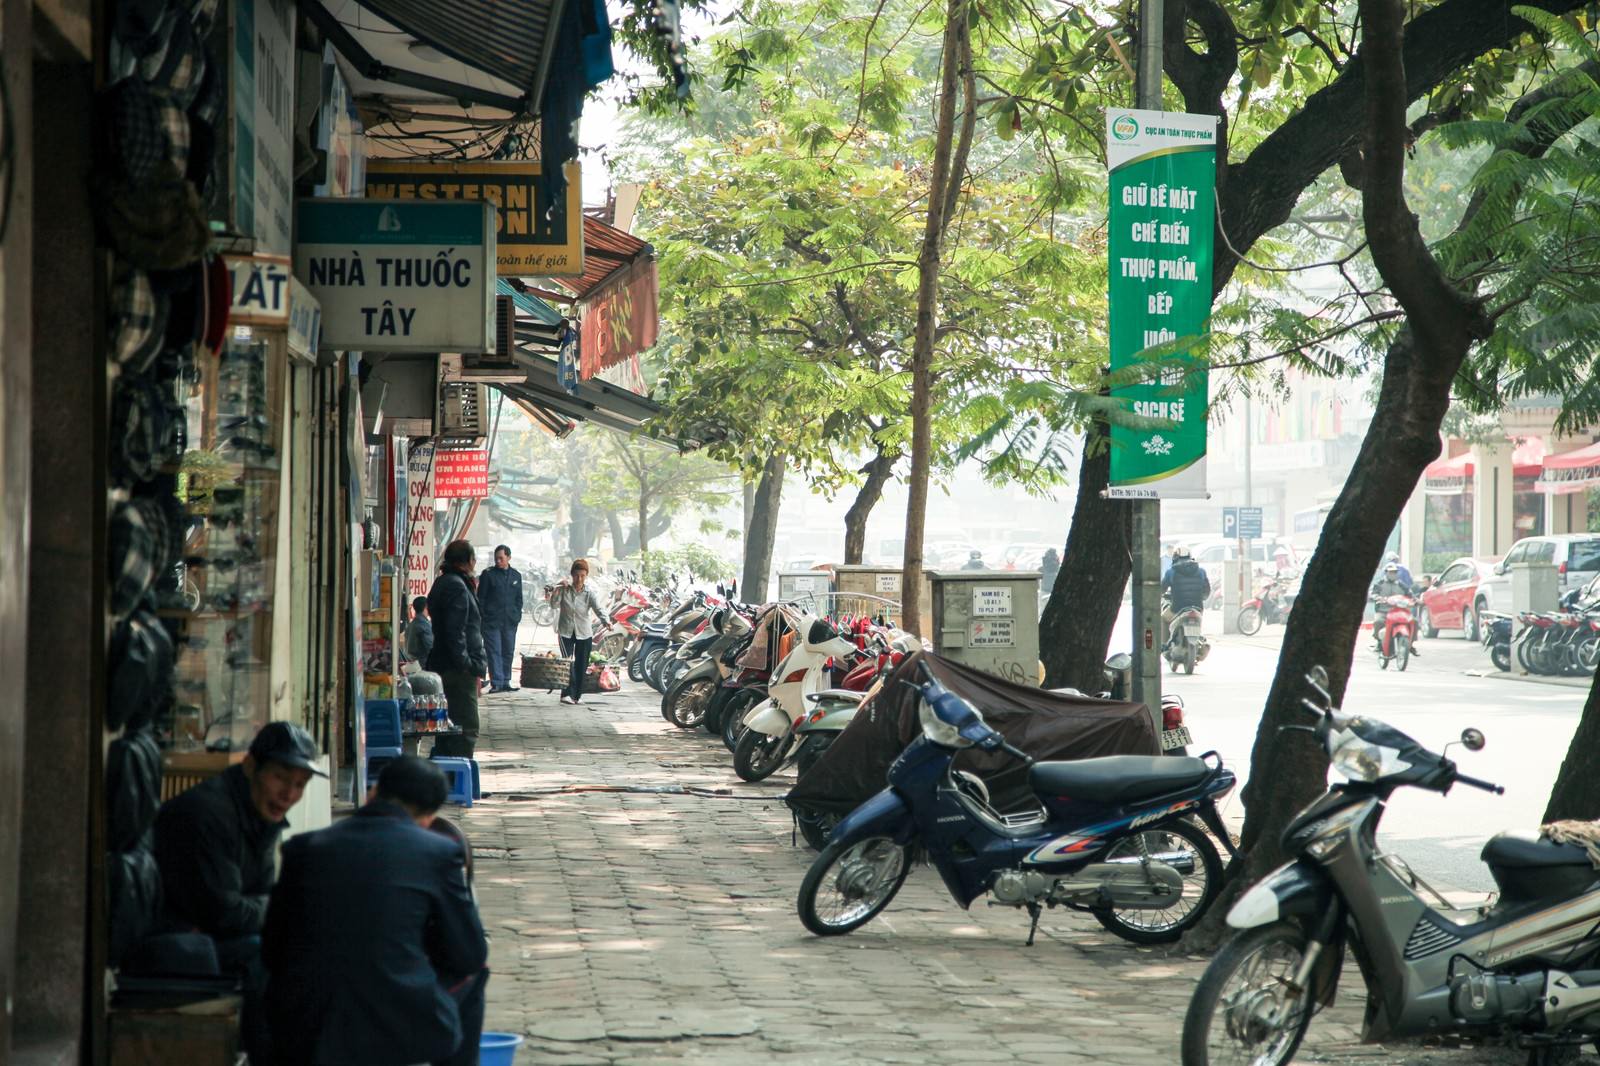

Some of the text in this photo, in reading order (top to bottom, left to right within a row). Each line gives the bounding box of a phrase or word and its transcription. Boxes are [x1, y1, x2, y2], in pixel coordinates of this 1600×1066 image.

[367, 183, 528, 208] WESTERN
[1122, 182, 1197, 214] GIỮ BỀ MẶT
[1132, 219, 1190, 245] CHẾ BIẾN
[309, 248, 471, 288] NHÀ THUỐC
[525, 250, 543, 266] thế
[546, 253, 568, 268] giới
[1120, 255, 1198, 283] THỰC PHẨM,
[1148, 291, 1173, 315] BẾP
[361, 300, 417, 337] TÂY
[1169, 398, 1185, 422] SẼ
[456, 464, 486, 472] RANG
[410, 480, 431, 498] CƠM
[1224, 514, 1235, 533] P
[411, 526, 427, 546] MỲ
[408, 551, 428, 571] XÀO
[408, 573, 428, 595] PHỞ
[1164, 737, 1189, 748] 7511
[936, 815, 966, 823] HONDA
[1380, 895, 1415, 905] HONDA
========
◆ EXERCISE BRIEF
The full listing above, duplicated exactly and without its pictures, is the answer.

◆ WRITTEN RESPONSE
Some of the text in this photo, in reading order (top to bottom, left to right within a row). Each line gives the bounding box of a phrase or word and its transcription. Boxes are [x1, y1, x2, y2], in pixel coordinates of this 1600×1066 image.

[367, 183, 528, 208] WESTERN
[1122, 182, 1197, 214] GIỮ BỀ MẶT
[1132, 219, 1190, 245] CHẾ BIẾN
[309, 248, 471, 288] NHÀ THUỐC
[525, 250, 543, 266] thế
[546, 253, 568, 268] giới
[1120, 255, 1198, 283] THỰC PHẨM,
[1148, 291, 1173, 315] BẾP
[361, 300, 417, 337] TÂY
[1169, 398, 1185, 422] SẼ
[456, 464, 486, 472] RANG
[410, 480, 431, 498] CƠM
[1224, 514, 1235, 533] P
[411, 526, 427, 546] MỲ
[408, 551, 428, 571] XÀO
[408, 573, 428, 595] PHỞ
[1164, 737, 1189, 748] 7511
[936, 815, 966, 823] HONDA
[1380, 895, 1415, 905] HONDA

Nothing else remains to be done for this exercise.